Becoming aware of how things we lacked in childhood affect our adult behaviors and emotions is a complex task. Many children who experienced severe abuse and neglect have missed multiple stages and requirements. The lack presents extensive and intricate layers of emotional problems and struggles. After 12 years of therapeutic support from health care professionals, I can definitively state that I would not have been able to understand my behaviors and work through my emotions without the help of my therapists. The brain that has been abused and under-developed does not initially understand how to guide itself towards healing, and we have to be given tools and skills that we have not encountered before. The brain wants to stay with what it knows, even when that is not actually what is best for the person. Even with appropriate and professional guidance, the work is nothing short of exhausting. It’s heavier when it’s generational and no one else is helping to do the work in the family. We experience shame, guilt, emotional attacks, and boundary issues from accusatory family members while we are trying to heal ourselves. The pain is inflicted by those who continue to participate in the dysfunction. 

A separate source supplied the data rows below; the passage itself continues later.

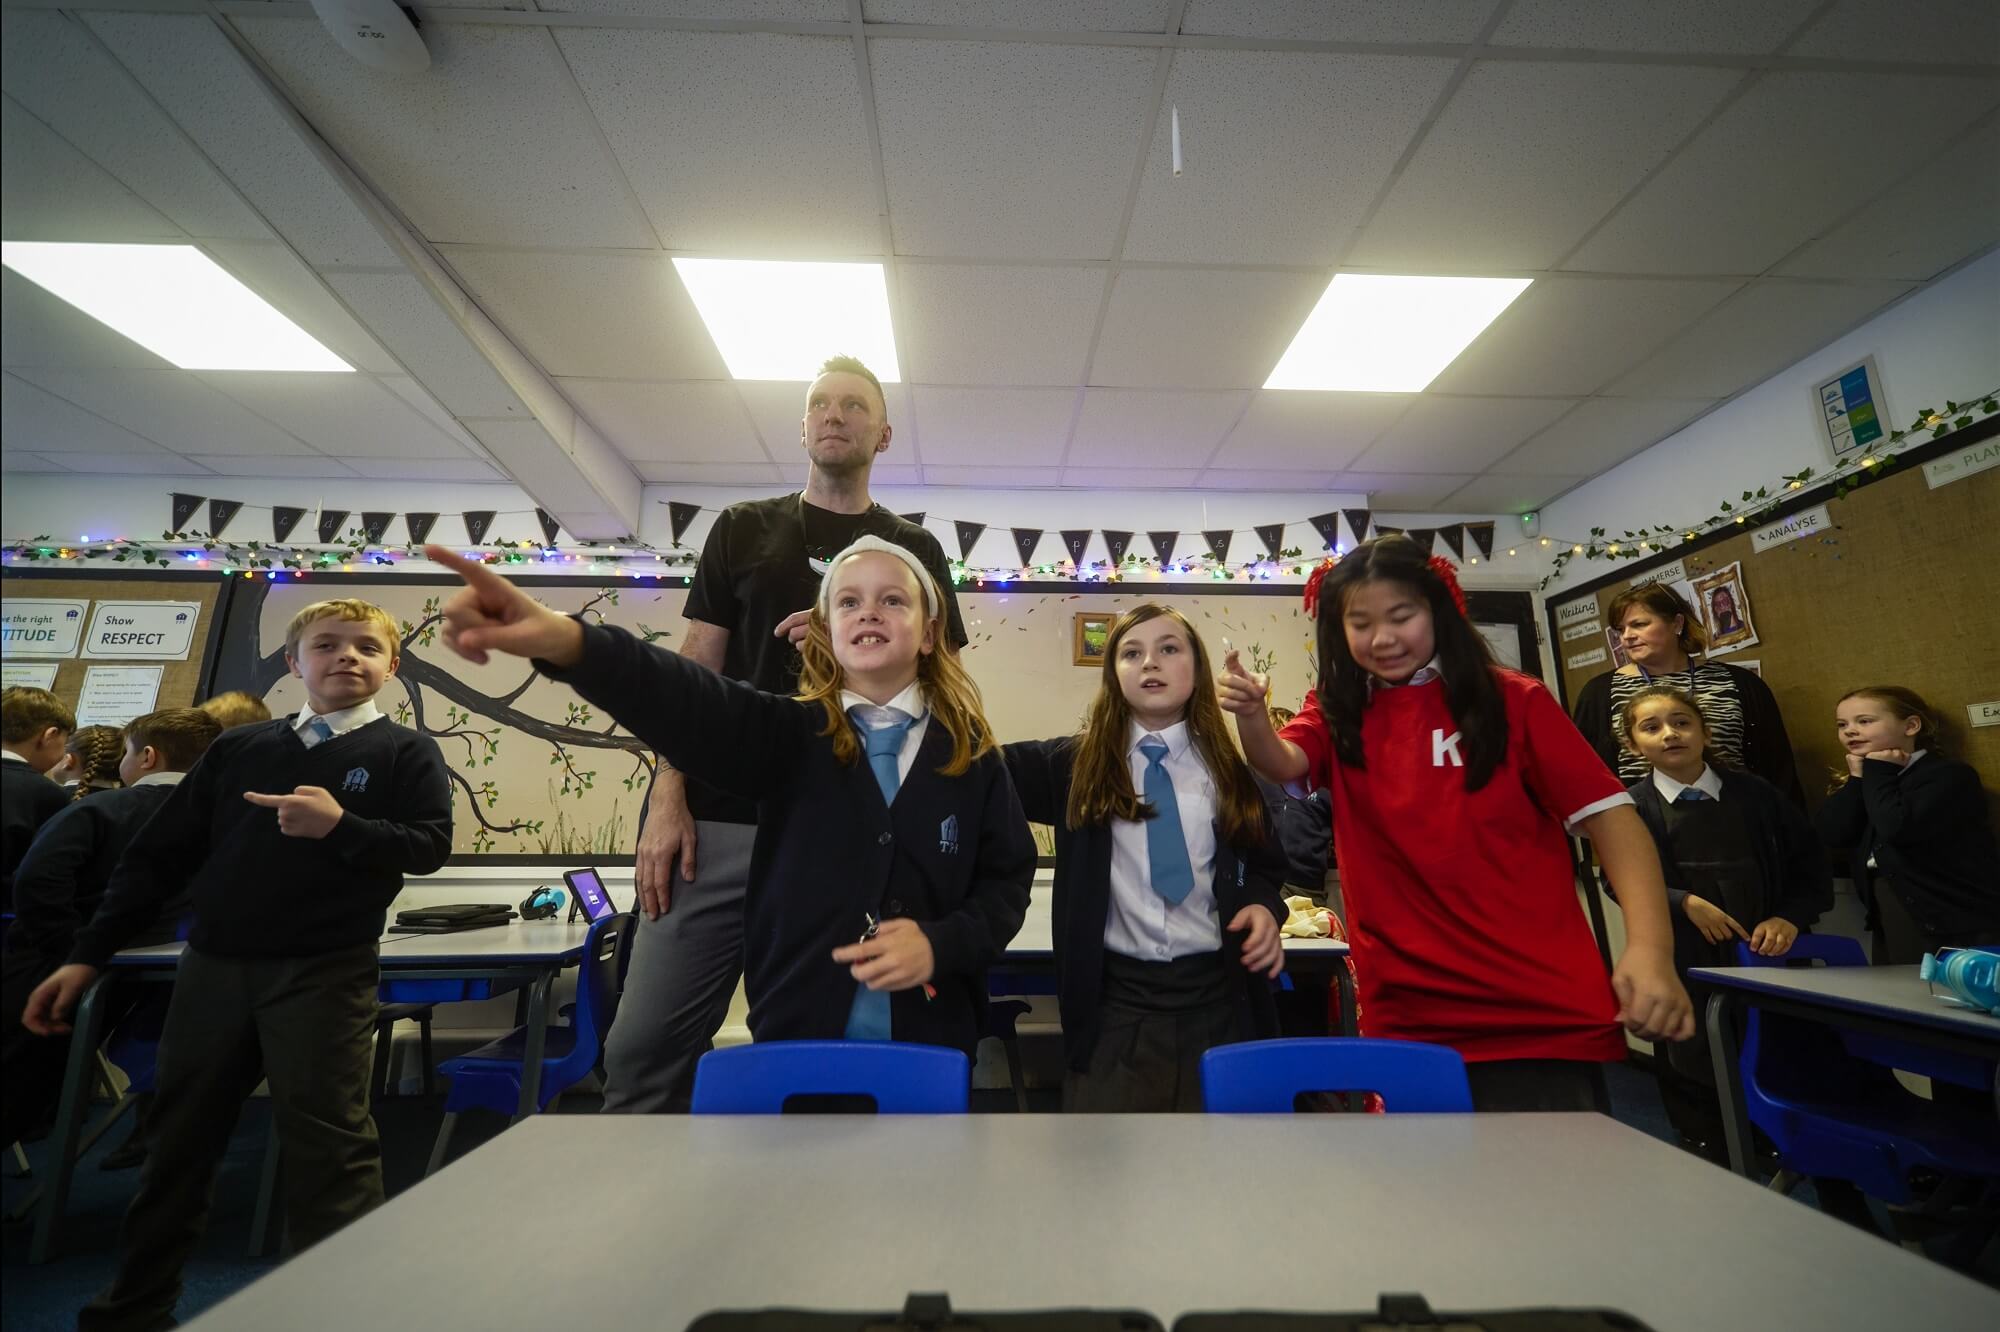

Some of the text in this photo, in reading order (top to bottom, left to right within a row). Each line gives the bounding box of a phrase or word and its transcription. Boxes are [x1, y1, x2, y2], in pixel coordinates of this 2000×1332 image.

[176, 504, 188, 513] a
[217, 504, 226, 518] b
[323, 513, 334, 528] d
[472, 520, 482, 535] g
[1768, 515, 1818, 541] ANALYSE
[1071, 540, 1081, 553] p
[1215, 539, 1225, 548] s
[1559, 602, 1596, 620] Writing
[13, 614, 27, 623] the
[30, 615, 53, 626] right
[104, 615, 135, 625] Show
[100, 632, 166, 645] RESPECT
[1432, 728, 1464, 766] K

There are lots of ways to process and minimize disruptions that occur during adult life, but there’s no other way to accomplish healing from childhood wounds and generational trauma without taking some kind of action to heal. Our painful memories, bad examples, and negative patterns must be examined, processed, soothed, and resolved in a healthy way. I found myself in “learned helplessness” in adulthood, in a position of unmanageable amounts of pain and stress, because I was not taught how to do anything in a healthy way. Sorting through everything that needed attention required a huge amount of effort. It has been the hardest thing that I have consciously done in my life. 

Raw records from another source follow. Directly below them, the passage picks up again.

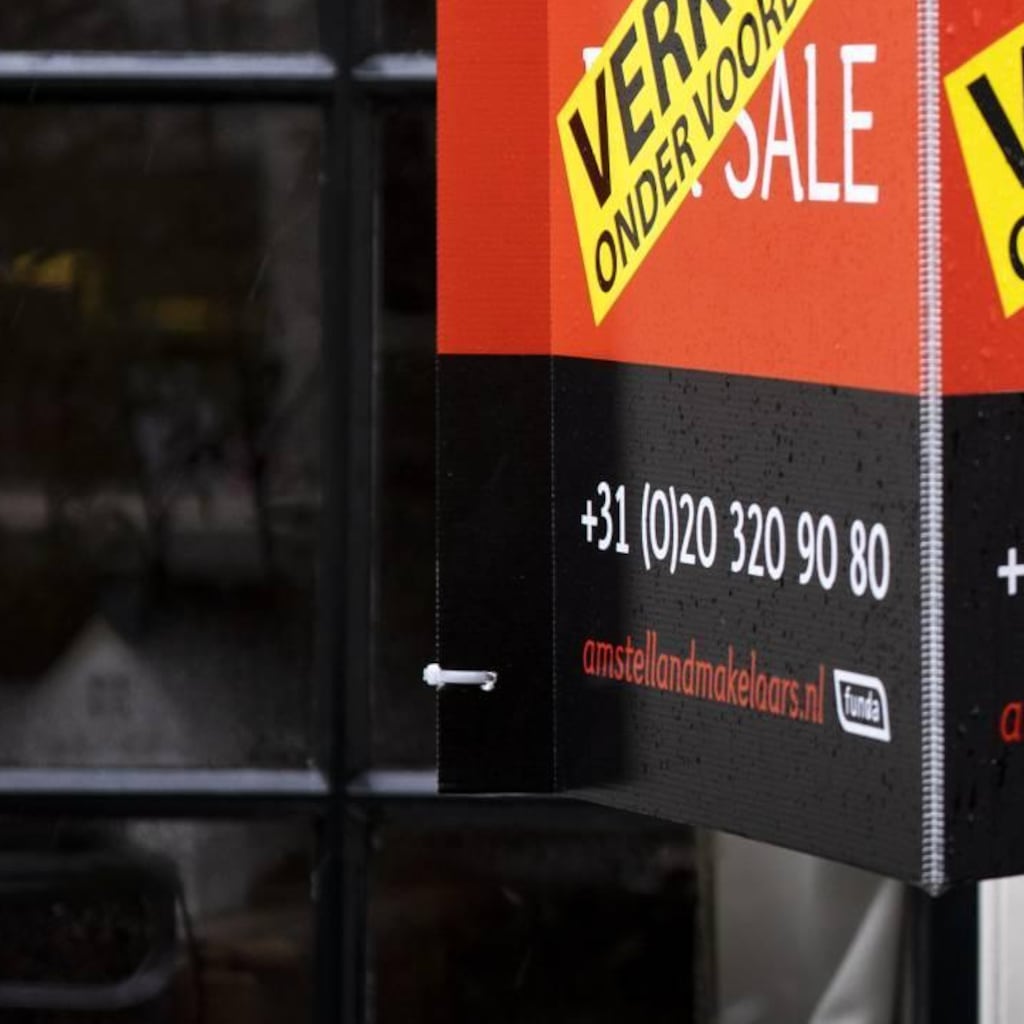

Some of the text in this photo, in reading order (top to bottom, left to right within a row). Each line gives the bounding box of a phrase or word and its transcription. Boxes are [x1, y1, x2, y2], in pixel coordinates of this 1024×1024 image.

[595, 114, 696, 293] ONDER
[581, 481, 890, 600] +31 (0)20 320 90 80
[582, 629, 826, 724] amstellandmakelaars.nl
[843, 686, 881, 723] funda
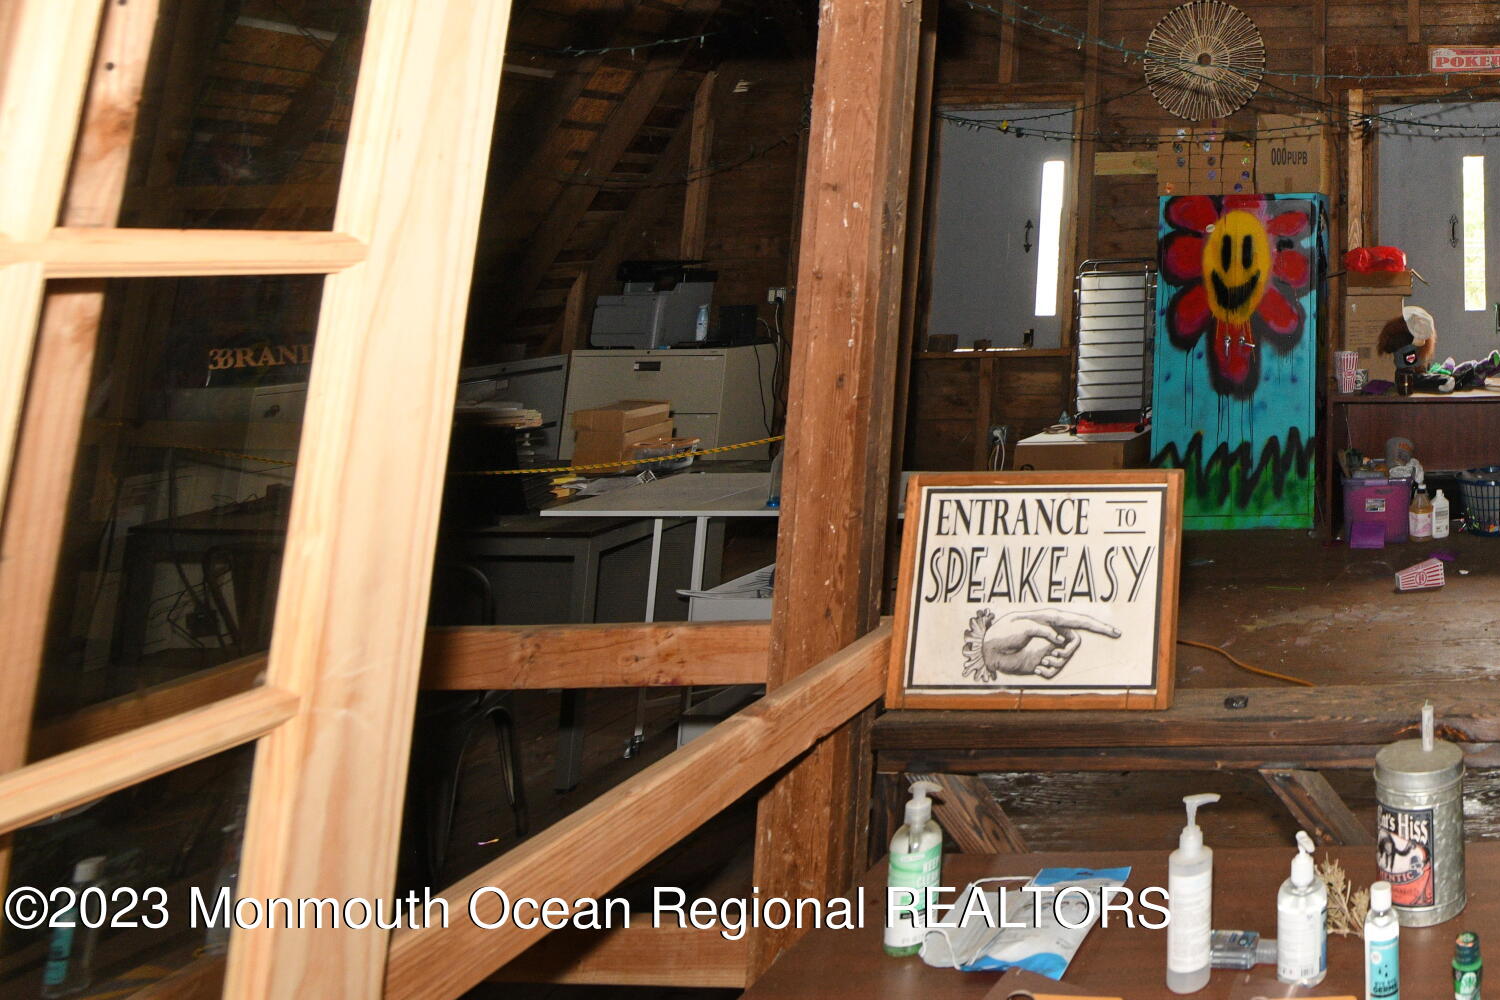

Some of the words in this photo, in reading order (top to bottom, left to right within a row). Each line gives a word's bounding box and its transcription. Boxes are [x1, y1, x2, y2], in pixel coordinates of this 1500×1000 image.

[935, 498, 1090, 536] ENTRANCE
[1115, 508, 1137, 527] TO
[925, 545, 1155, 604] SPEAKEASY
[1398, 813, 1429, 845] Hiss

The only way to get out of the prison of generational abuse and neglect is to go through the extensive process of healing what we didn’t receive as children, and healing what our ancestors didn’t accept for themselves. It’s normal for this work to include feelings of anger, resentment, and frustration with those who came before us. This is why one of the most important parts of undertaking these tasks is learning self-compassion. We can understand and forgive the flaws and weaknesses of others, but we also have to consider what is best for us, and surround ourselves with loving and nourishing interactions. 

The work is worth it for the freedom, hope, emotional intelligence, and self-worth that is available on the other side.